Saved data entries
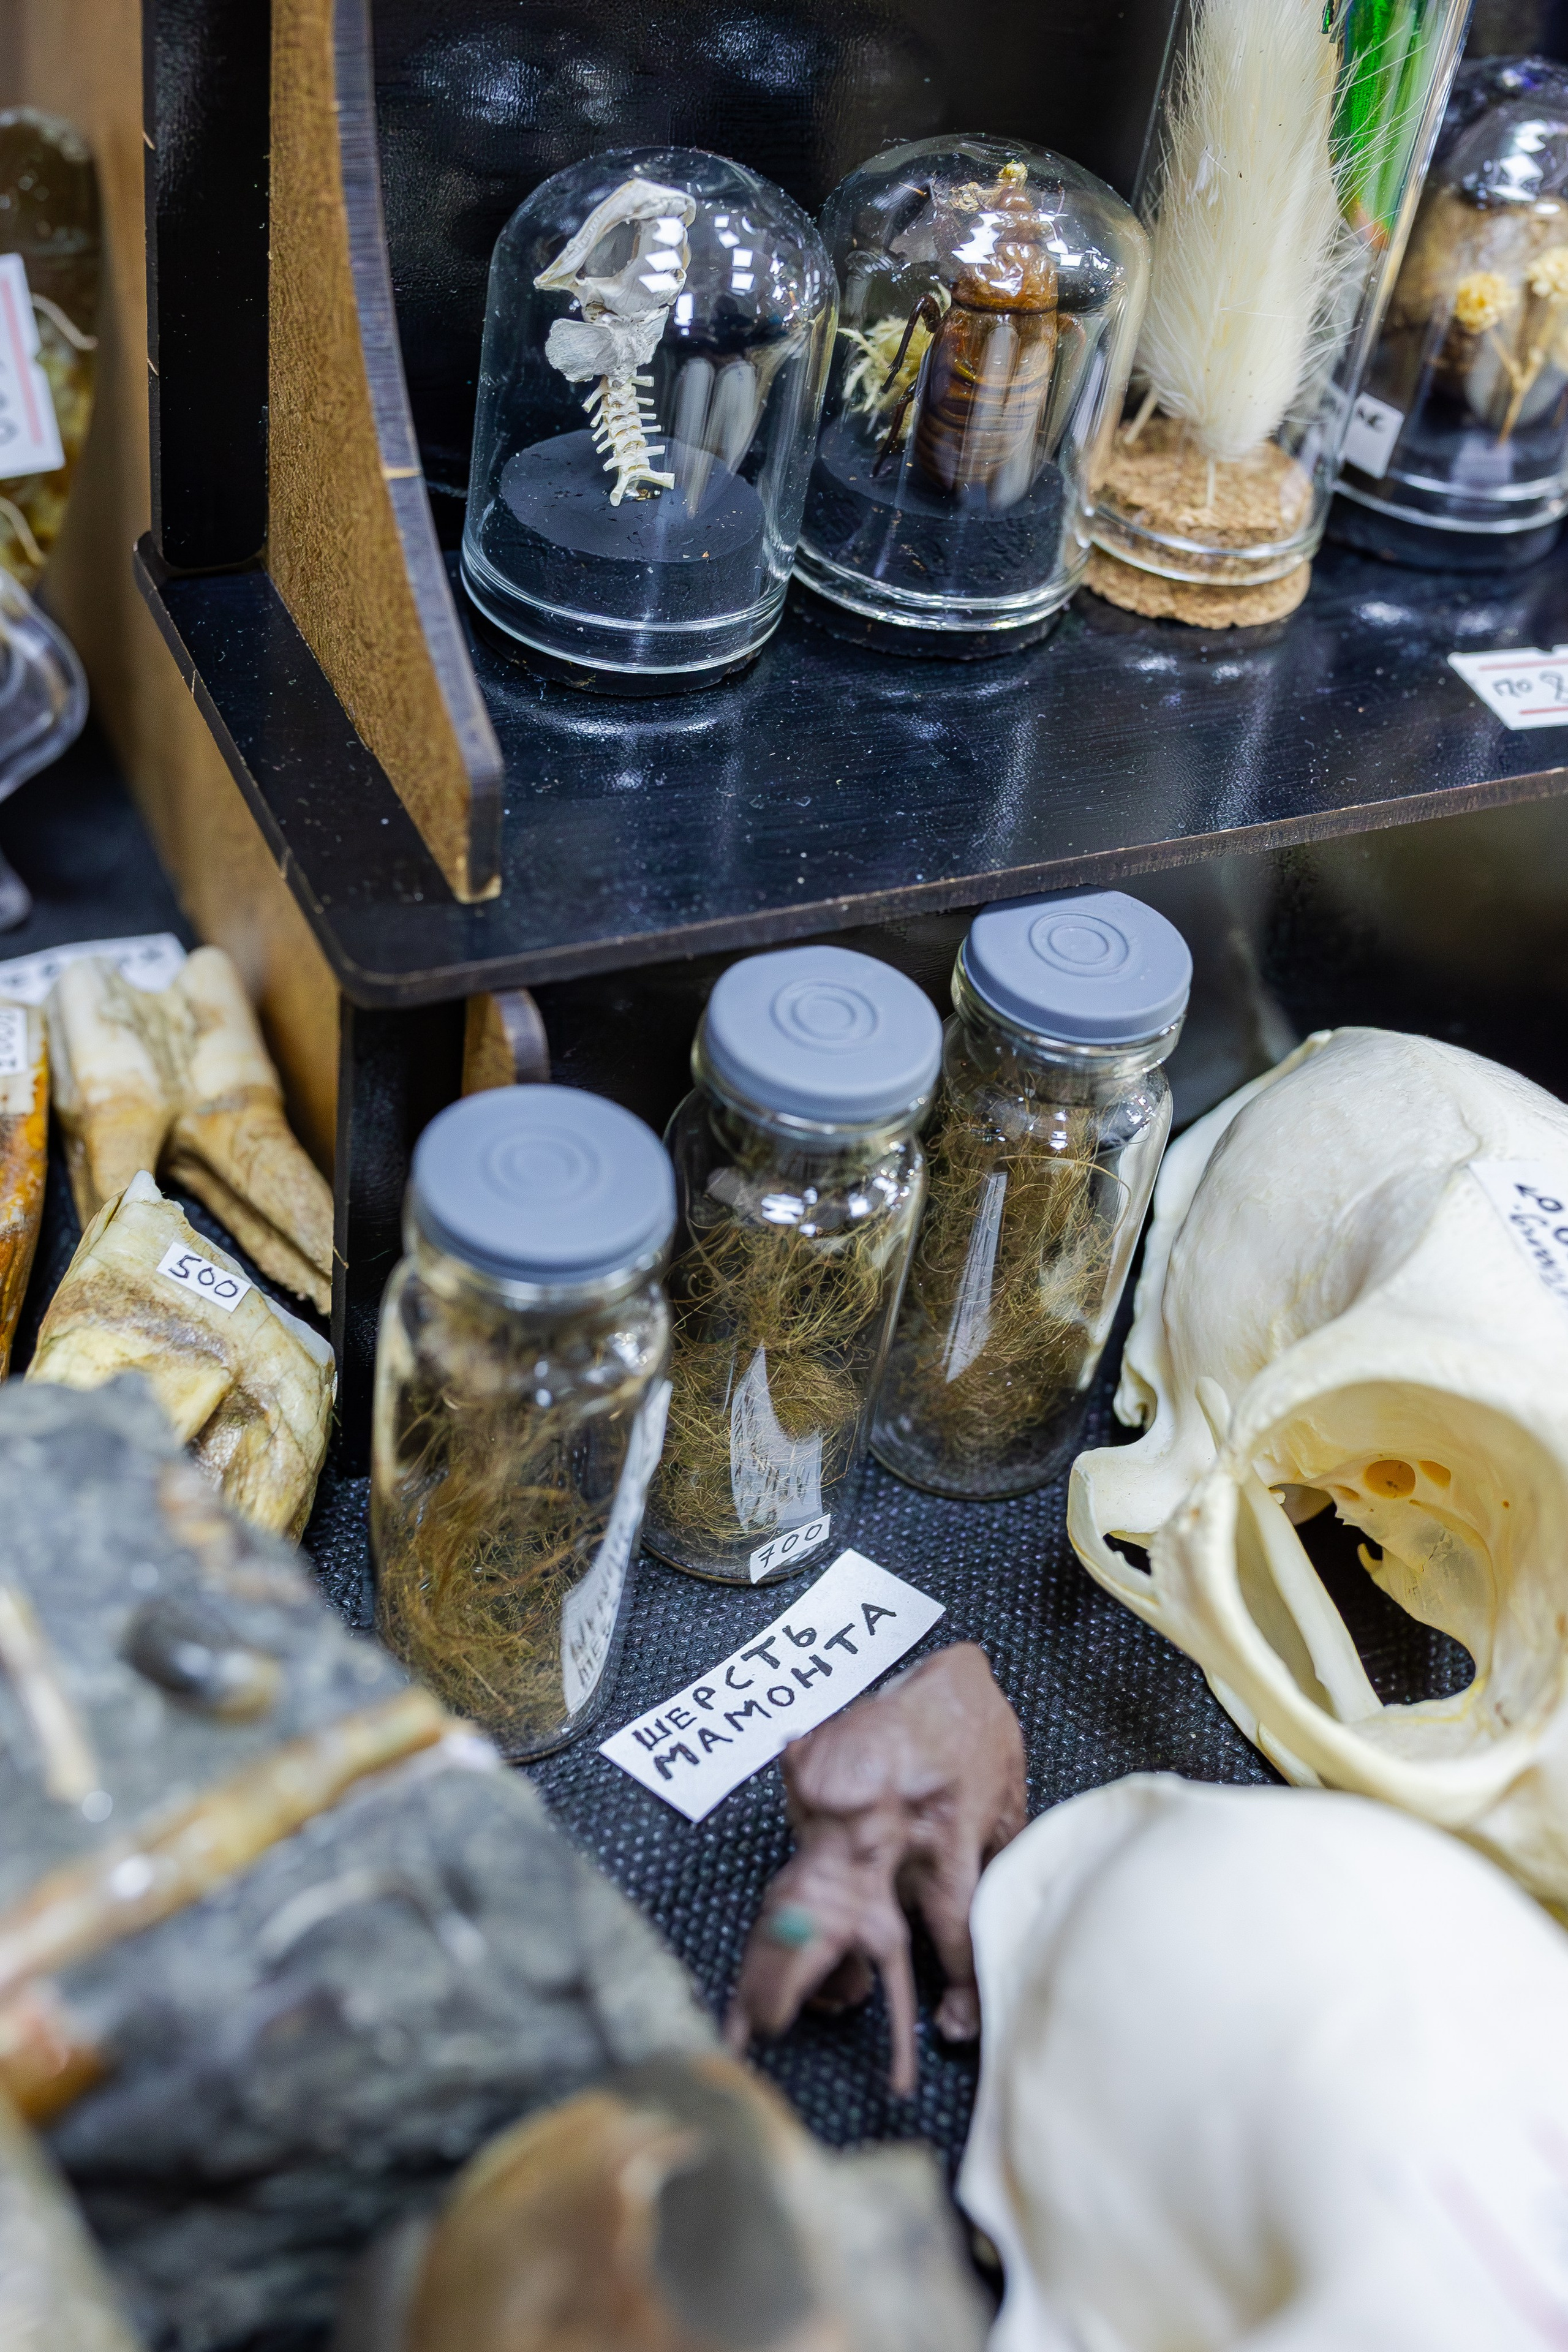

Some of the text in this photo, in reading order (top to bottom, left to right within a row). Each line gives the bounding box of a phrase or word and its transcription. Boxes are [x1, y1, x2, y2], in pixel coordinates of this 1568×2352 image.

[168, 1254, 239, 1298] 500
[758, 1523, 823, 1568] 700
[631, 1625, 818, 1751] ШЕРСТЬ
[653, 1602, 897, 1780] МАМОНТА
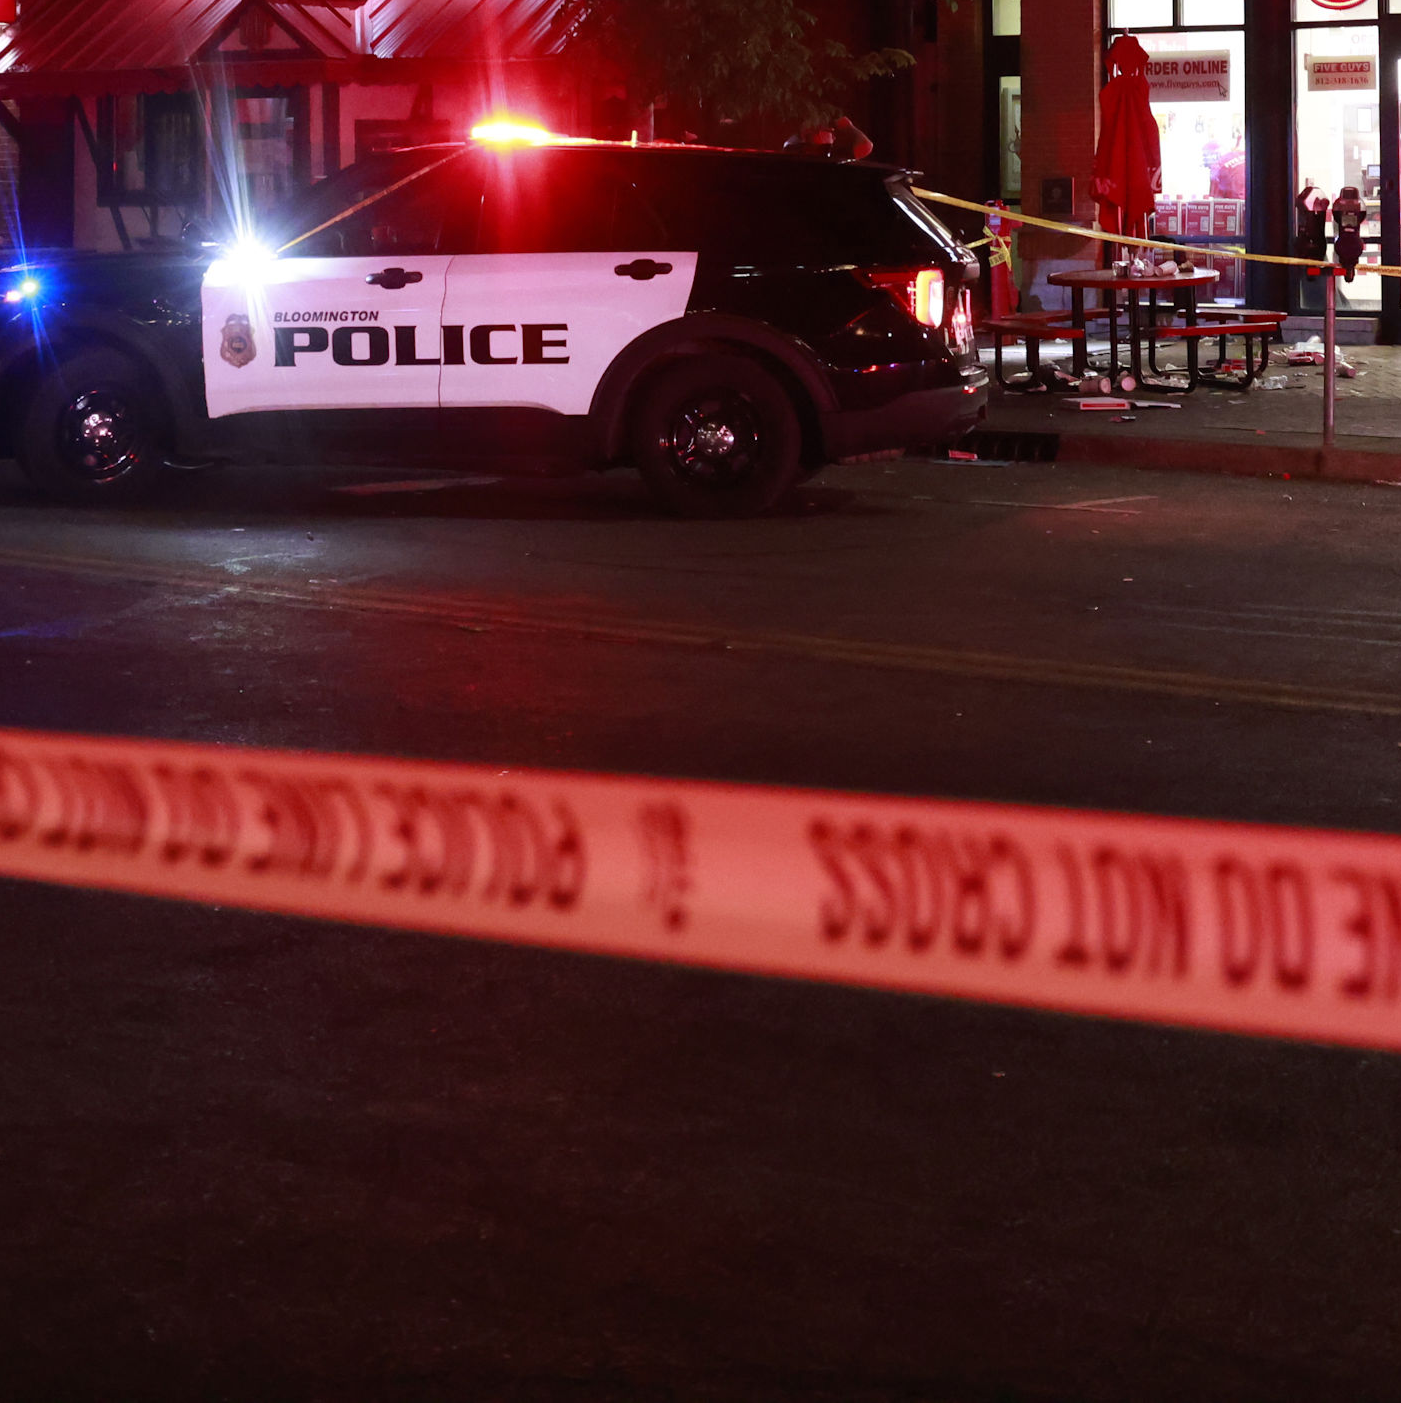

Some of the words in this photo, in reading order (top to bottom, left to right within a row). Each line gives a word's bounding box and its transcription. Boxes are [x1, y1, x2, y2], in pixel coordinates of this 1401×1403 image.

[1145, 61, 1179, 75] RDER
[1183, 60, 1228, 75] ONLINE
[1314, 63, 1337, 72] FIVE
[1340, 62, 1370, 72] GUYS
[274, 310, 379, 322] BLOOMINGTON
[274, 323, 570, 367] POLICE
[805, 815, 1038, 962] CROSS
[1055, 840, 1190, 979] NOT
[1213, 852, 1311, 991] DO
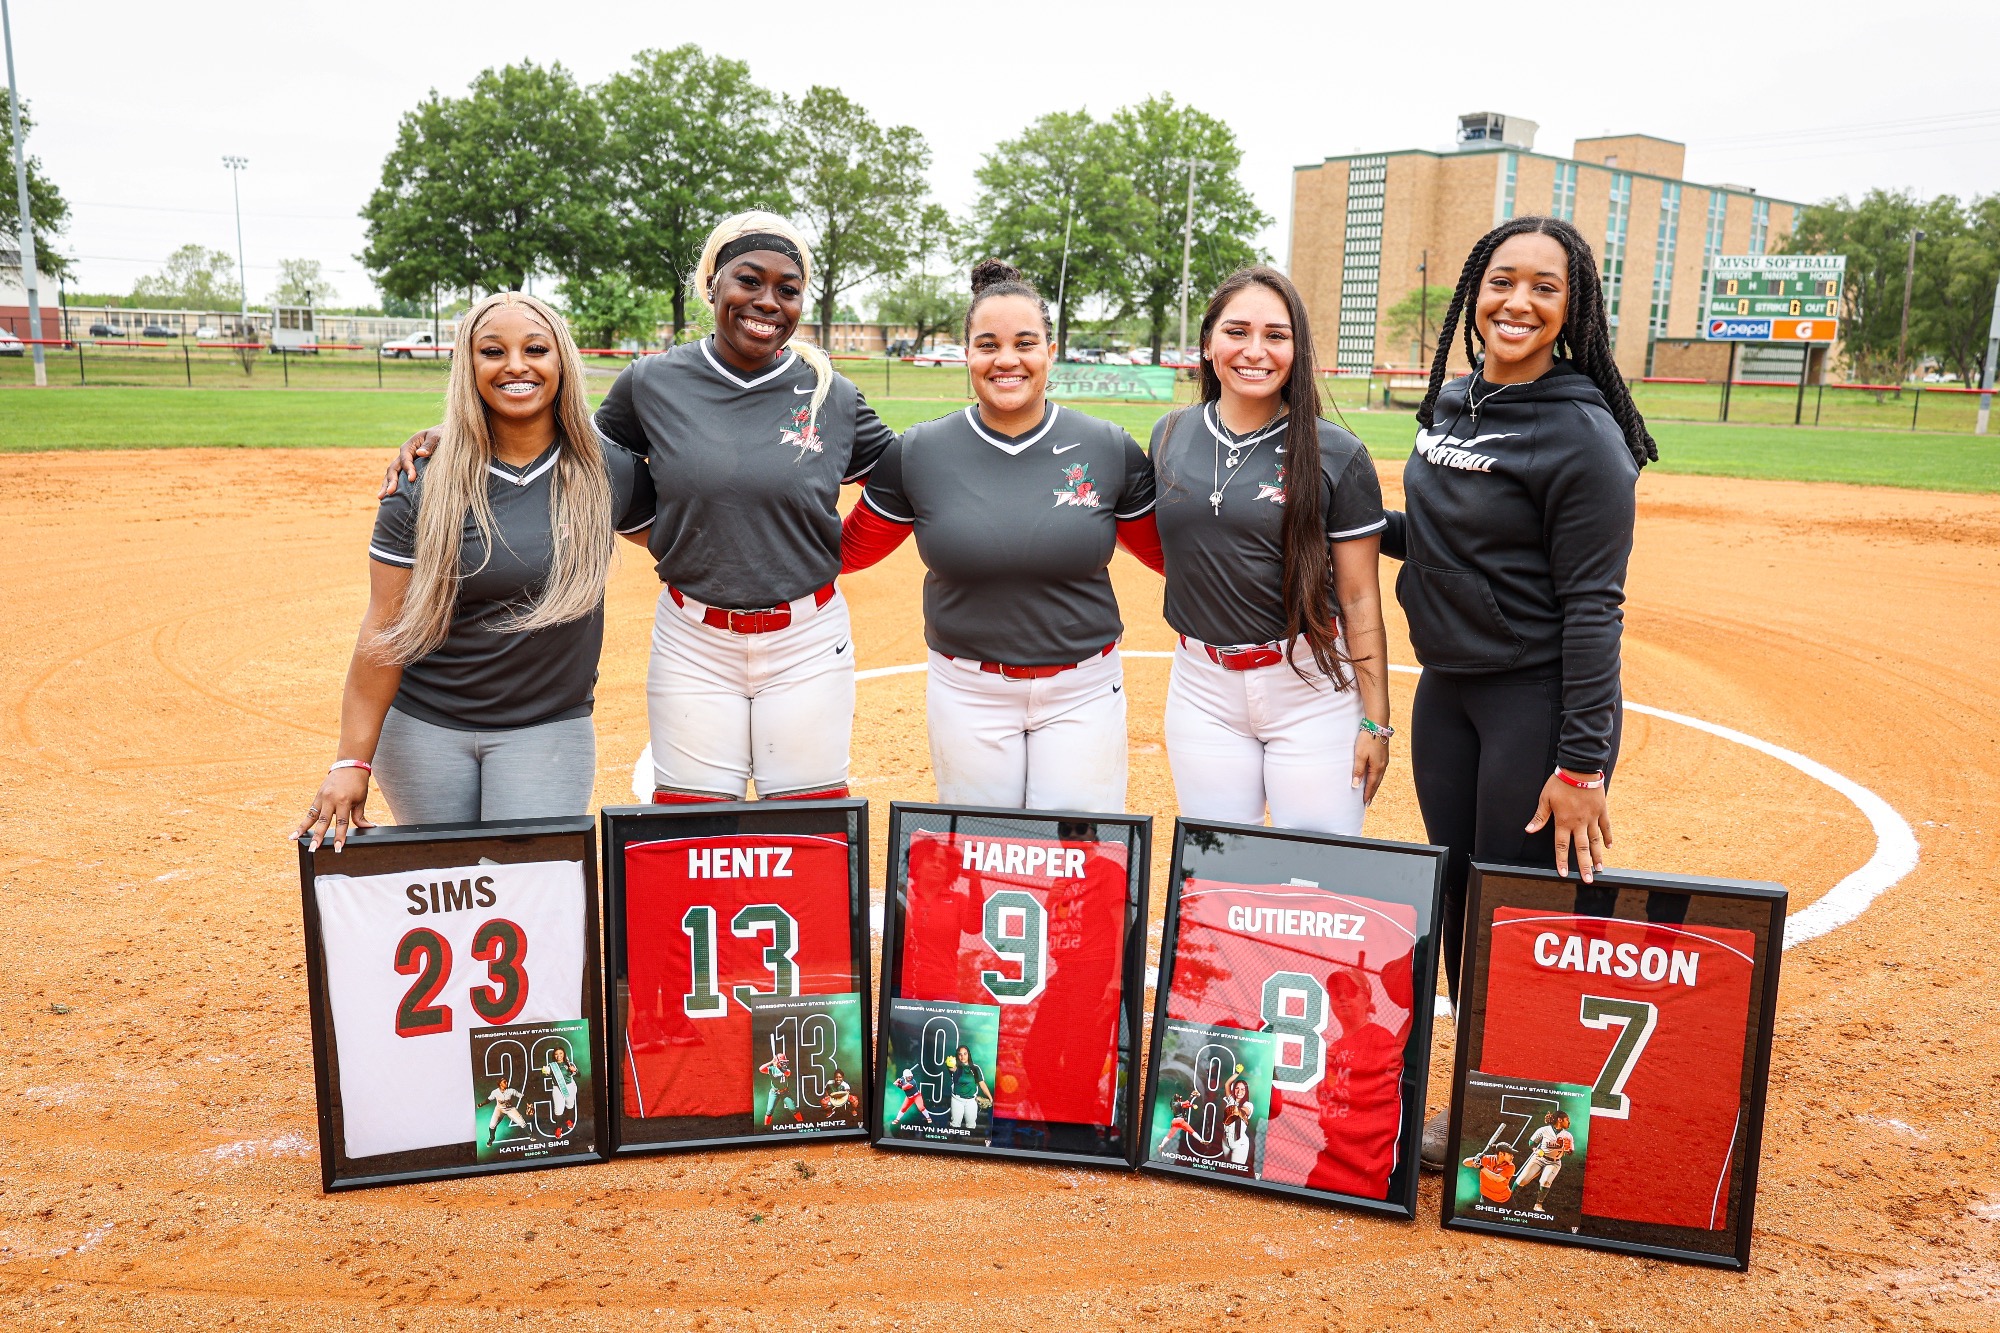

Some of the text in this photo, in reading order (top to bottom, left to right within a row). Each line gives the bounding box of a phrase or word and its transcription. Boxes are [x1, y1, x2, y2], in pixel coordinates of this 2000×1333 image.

[1715, 272, 1838, 281] VISITOR INNING HOME
[1719, 258, 1842, 268] MVSU SOFTBALL
[1712, 302, 1737, 311] BALL
[1755, 303, 1789, 313] STRIKE
[1805, 303, 1826, 313] OUT
[1727, 322, 1769, 336] pepsi
[1796, 322, 1812, 338] G
[688, 846, 793, 879] HENTZ
[962, 840, 1086, 879] HARPER
[406, 876, 497, 916] SIMS
[1227, 905, 1366, 942] GUTIERREZ
[681, 903, 800, 1018] 13
[981, 890, 1048, 1005] 9
[1534, 931, 1700, 987] CARSON
[394, 918, 529, 1038] 23
[1239, 1035, 1272, 1044] UNIVERSITY
[1259, 970, 1330, 1092] 8
[775, 1014, 838, 1109] 13
[920, 1016, 959, 1115] 9
[1579, 993, 1658, 1120] 7
[485, 1036, 578, 1143] 23
[1186, 1044, 1236, 1159] 8
[1549, 1089, 1585, 1098] UNIVERSITY
[772, 1122, 815, 1131] KAHLENA
[900, 1124, 971, 1136] KAITLYN HARPER
[1500, 1095, 1560, 1177] 7
[499, 1142, 546, 1154] KATHLEEN
[1161, 1152, 1249, 1172] MORGAN GUTIERREZ
[1475, 1205, 1554, 1221] SHELBY CARSON

Directions
Reproduce the data word for word, excluding its pictures.

Response
Some of the text in this photo, in reading order (top to bottom, left to right within a row). Each line gives the bounding box of a phrase or word and its transcription. Boxes are [x1, y1, x2, y2], in pixel coordinates of this 1568×2352 image.

[168, 1254, 239, 1298] 500
[758, 1523, 823, 1568] 700
[631, 1625, 818, 1751] ШЕРСТЬ
[653, 1602, 897, 1780] МАМОНТА

Some of the words in this photo, in reading order (top to bottom, left to right within a row). Each line gives a word's bounding box and its transcription. Boxes are [x1, y1, x2, y2], in pixel coordinates of this 1401×1403 image.

[1145, 61, 1179, 75] RDER
[1183, 60, 1228, 75] ONLINE
[1314, 63, 1337, 72] FIVE
[1340, 62, 1370, 72] GUYS
[274, 310, 379, 322] BLOOMINGTON
[274, 323, 570, 367] POLICE
[805, 815, 1038, 962] CROSS
[1055, 840, 1190, 979] NOT
[1213, 852, 1311, 991] DO

Some of the text in this photo, in reading order (top to bottom, left to right within a row). Each line gives the bounding box of a phrase or word and its transcription. Boxes are [x1, y1, x2, y2], in pixel coordinates of this 2000×1333 image.

[1715, 272, 1838, 281] VISITOR INNING HOME
[1719, 258, 1842, 268] MVSU SOFTBALL
[1712, 302, 1737, 311] BALL
[1755, 303, 1789, 313] STRIKE
[1805, 303, 1826, 313] OUT
[1727, 322, 1769, 336] pepsi
[1796, 322, 1812, 338] G
[688, 846, 793, 879] HENTZ
[962, 840, 1086, 879] HARPER
[406, 876, 497, 916] SIMS
[1227, 905, 1366, 942] GUTIERREZ
[681, 903, 800, 1018] 13
[981, 890, 1048, 1005] 9
[1534, 931, 1700, 987] CARSON
[394, 918, 529, 1038] 23
[1239, 1035, 1272, 1044] UNIVERSITY
[1259, 970, 1330, 1092] 8
[775, 1014, 838, 1109] 13
[920, 1016, 959, 1115] 9
[1579, 993, 1658, 1120] 7
[485, 1036, 578, 1143] 23
[1186, 1044, 1236, 1159] 8
[1549, 1089, 1585, 1098] UNIVERSITY
[772, 1122, 815, 1131] KAHLENA
[900, 1124, 971, 1136] KAITLYN HARPER
[1500, 1095, 1560, 1177] 7
[499, 1142, 546, 1154] KATHLEEN
[1161, 1152, 1249, 1172] MORGAN GUTIERREZ
[1475, 1205, 1554, 1221] SHELBY CARSON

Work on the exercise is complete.